Saved entries:
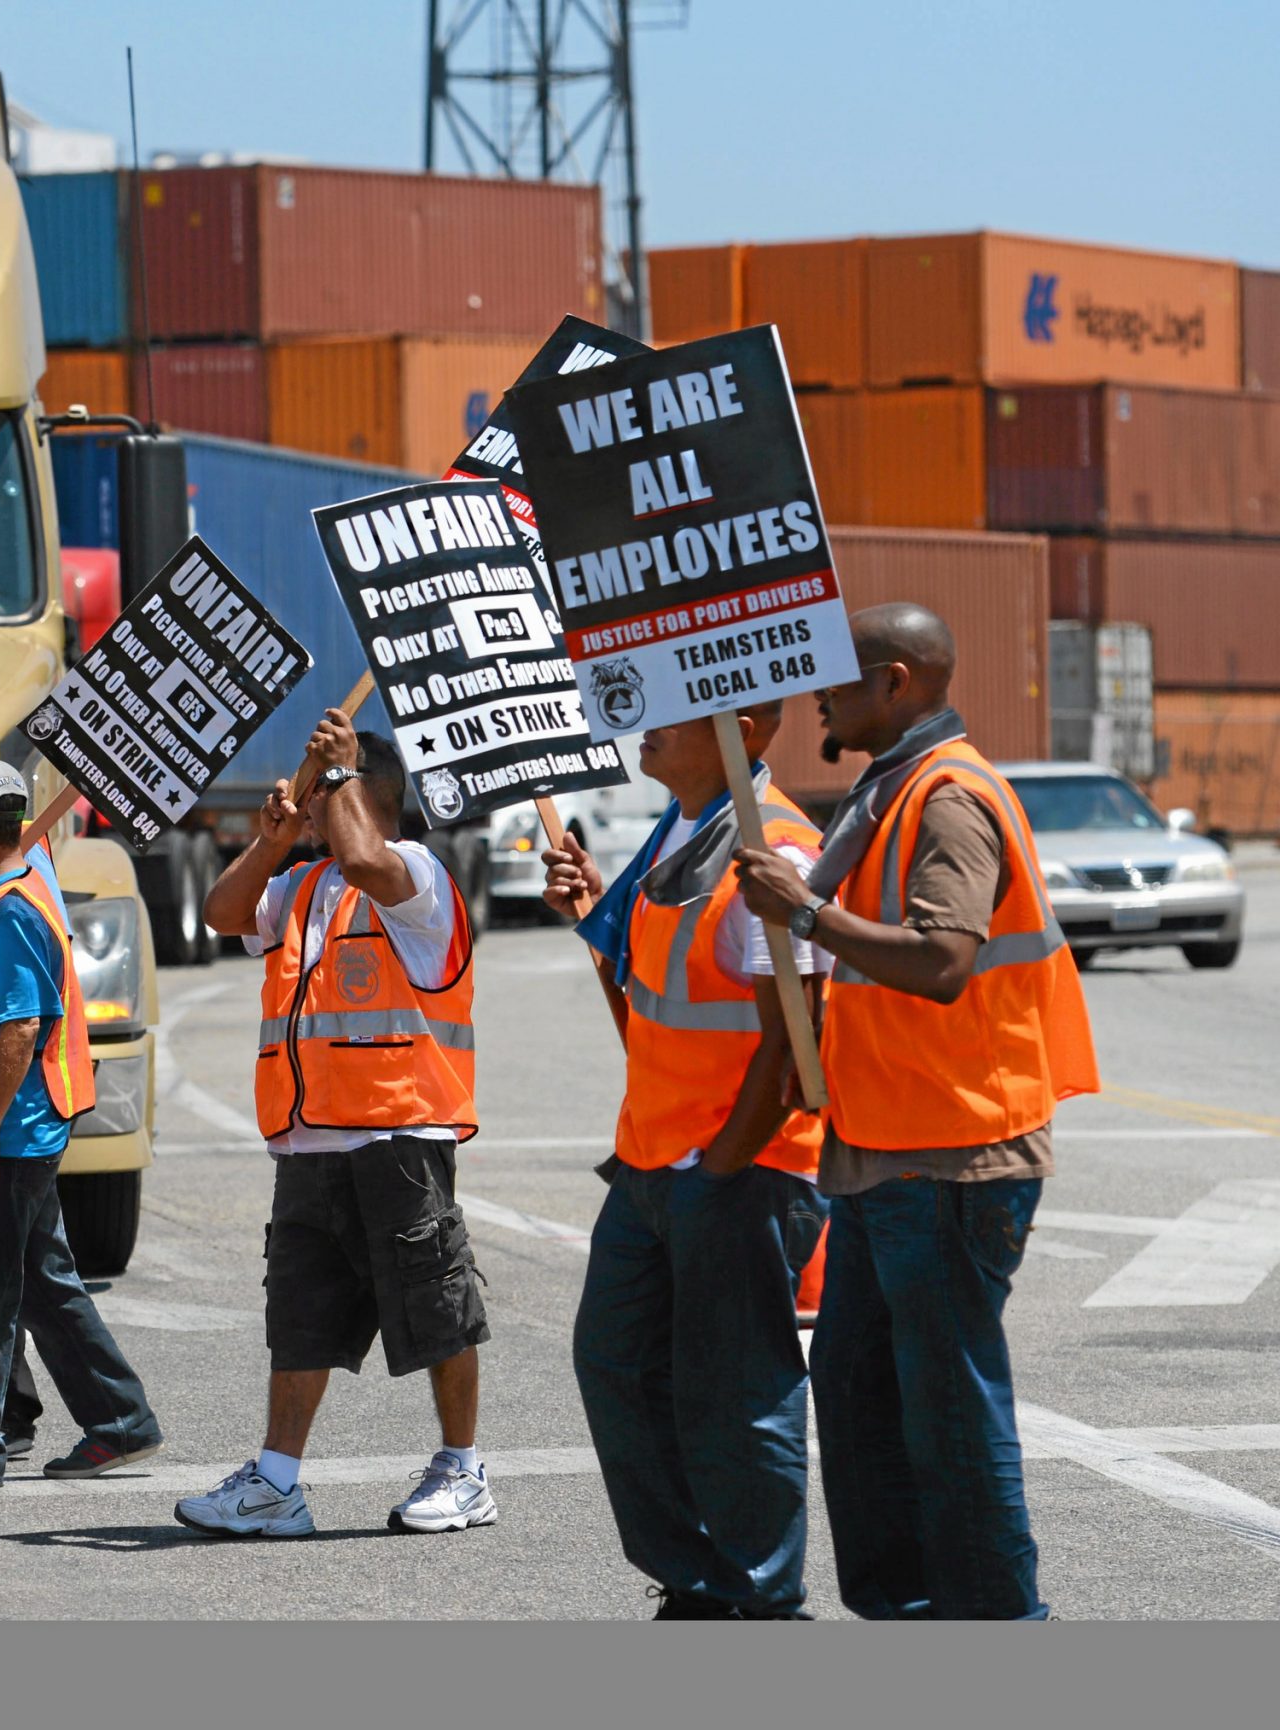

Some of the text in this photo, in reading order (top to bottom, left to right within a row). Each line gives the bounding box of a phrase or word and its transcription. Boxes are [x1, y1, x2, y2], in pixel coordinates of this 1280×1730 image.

[557, 387, 643, 455] WE
[648, 363, 744, 435] ARE
[629, 449, 713, 516] ALL
[335, 494, 516, 573] UNFAIR!
[554, 500, 819, 610] EMPLOYEES
[169, 552, 298, 693] UNFAIR!
[359, 562, 535, 619] PICKETING AIMED
[581, 577, 825, 655] JUSTICE FOR PORT DRIVERS
[141, 593, 258, 720] PICKETING AIMED
[372, 631, 431, 668] ONLY
[432, 623, 459, 652] AT
[508, 611, 525, 636] 9
[544, 609, 564, 634] &
[674, 618, 812, 673] TEAMSTERS
[112, 620, 238, 758] ONLY AT GFS &
[427, 666, 503, 706] OTHER
[685, 653, 816, 705] LOCAL 848
[79, 699, 166, 792] ON STRIKE
[105, 670, 150, 724] OTHER
[143, 711, 210, 785] EMPLOYER
[445, 701, 570, 750] ON STRIKE
[54, 729, 161, 841] TEAMSTERS LOCAL 848
[461, 745, 619, 796] TEAMSTERS LOCAL 848

What is being asked — I'd like the entries above repeated exactly, but without any of their pictures.

Output for this task —
Some of the text in this photo, in reading order (top to bottom, left to right within a row). Each line gives the bounding box of a phrase or word and its transcription. Boxes are [x1, y1, x2, y2], in pixel coordinates of this 1280×1730 image.

[557, 387, 643, 455] WE
[648, 363, 744, 435] ARE
[629, 449, 713, 516] ALL
[335, 494, 516, 573] UNFAIR!
[554, 500, 819, 610] EMPLOYEES
[169, 552, 298, 693] UNFAIR!
[359, 562, 535, 619] PICKETING AIMED
[581, 577, 825, 655] JUSTICE FOR PORT DRIVERS
[141, 593, 258, 720] PICKETING AIMED
[372, 631, 431, 668] ONLY
[432, 623, 459, 652] AT
[508, 611, 525, 636] 9
[544, 609, 564, 634] &
[674, 618, 812, 673] TEAMSTERS
[112, 620, 238, 758] ONLY AT GFS &
[427, 666, 503, 706] OTHER
[685, 653, 816, 705] LOCAL 848
[79, 699, 166, 792] ON STRIKE
[105, 670, 150, 724] OTHER
[143, 711, 210, 785] EMPLOYER
[445, 701, 570, 750] ON STRIKE
[54, 729, 161, 841] TEAMSTERS LOCAL 848
[461, 745, 619, 796] TEAMSTERS LOCAL 848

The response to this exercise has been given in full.